Imagine 500,000,000 shotshells. That’s five hundred million. A five with eight zeros. That’s about how many shotshells Maxam makes each year, and chances are you haven’t even heard of the company. But you may have shot Rio, Kemen or Vinci shells. Maxam makes those for the US market. UEE/Maxam has made shells for PMC, Clever, Federal-ATK, Remington and many others. With the US shotshell market at around 1.1 billion shells per year, Maxam’s brands are approaching 100 million of those. The rest of the manufacturer’s shotshell sales are worldwide. It also sells components to many other shell makers.

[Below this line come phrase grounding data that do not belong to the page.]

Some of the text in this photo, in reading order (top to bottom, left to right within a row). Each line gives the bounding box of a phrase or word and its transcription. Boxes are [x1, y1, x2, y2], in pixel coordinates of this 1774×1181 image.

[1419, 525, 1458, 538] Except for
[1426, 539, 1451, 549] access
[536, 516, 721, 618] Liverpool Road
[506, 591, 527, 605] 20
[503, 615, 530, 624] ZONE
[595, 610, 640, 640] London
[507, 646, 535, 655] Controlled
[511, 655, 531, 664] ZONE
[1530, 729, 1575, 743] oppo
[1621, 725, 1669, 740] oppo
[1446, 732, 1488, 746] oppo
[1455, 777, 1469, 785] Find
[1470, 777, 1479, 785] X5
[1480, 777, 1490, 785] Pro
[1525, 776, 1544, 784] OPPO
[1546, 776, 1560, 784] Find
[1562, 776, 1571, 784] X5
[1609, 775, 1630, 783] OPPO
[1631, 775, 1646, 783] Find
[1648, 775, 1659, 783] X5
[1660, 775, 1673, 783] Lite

    Maxam is the new name for the old UEE (Unión Española de Explosivos, or Spanish Explosives Union). It all started in 1872, when Alfred Nobel, “Mr. Dynamite,” founded La Sociedad Española de la Dinamita, headquartered in the Basque town of Galdácano in the Spanish Pyrenees near Bilbao. In 1896 Nobel’s company joined others to form the UEE. The purpose was to develop explosives for the nearby iron-ore-mining industry and other concerns. For the next 100 years UEE continued to make things that went bang, boom, thump and wham. Shortly after the millennium, UEE began to develop worldwide. This led to the name change to Maxam in 2006.
    Today Maxam is a multinational industrial group with more than 6,000 employees and production facilities in 40 countries. The company’s products reach more than 100 countries on five continents. Maxam makes everything from the explosives used to widen the Panama Canal to wind-powered electric turbines. Its main shotshell production sites are in Spain, with smaller production facilities in England and the US. The British works used to be the Eley shotshell facility. The US shotshell manufacturing site is located in Tennessee in the old Accurate powder facility.

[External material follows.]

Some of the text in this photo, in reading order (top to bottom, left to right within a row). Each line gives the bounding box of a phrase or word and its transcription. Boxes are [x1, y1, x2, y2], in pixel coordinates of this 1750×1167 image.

    Last spring I was visiting some shotgun makers in the Basque country of northern Spain, so it made sense to drop in on nearby Maxam and have a look. On a trip like this, the town of Bilbao is a great place to stay. It has been much modernized since its years as a gritty Bay of Biscay industrial port. The better hotels are first class, and the food is the healthy Mediterranean Diet blend of olive oil, fruits, vegetables, fish, fowl and, of course, hearty Spanish Rioja red wine. After dinner each evening I enjoyed walking in the park near the Bilbao Guggenheim museum and listening to the jazz concerts.
    Patrick Thomas, the Maxam export manager in the US who was in Spain at the time, picked me up in the morning for the short drive to nearby Galdácano, where Maxam manufactures most of its gunpowder. Nobel and UEE started making powder there in the late 1800s, and the little town grew up around the industry. The town’s crest contains a crossbowman to show the arms connection. The plant entrance is barred and guarded. The security is more than casual, as well it might be.
    Actually, there isn’t really a gunpowder plant as such. It’s a 1,250-acre steep mountainside plot of many small buildings linked together by 25 miles of road. In some ways it looks more like a managed forest, complete with deer and wild boar. But that’s the way it is with gunpowder. You want to spread things out just in case something does go suddenly wrong.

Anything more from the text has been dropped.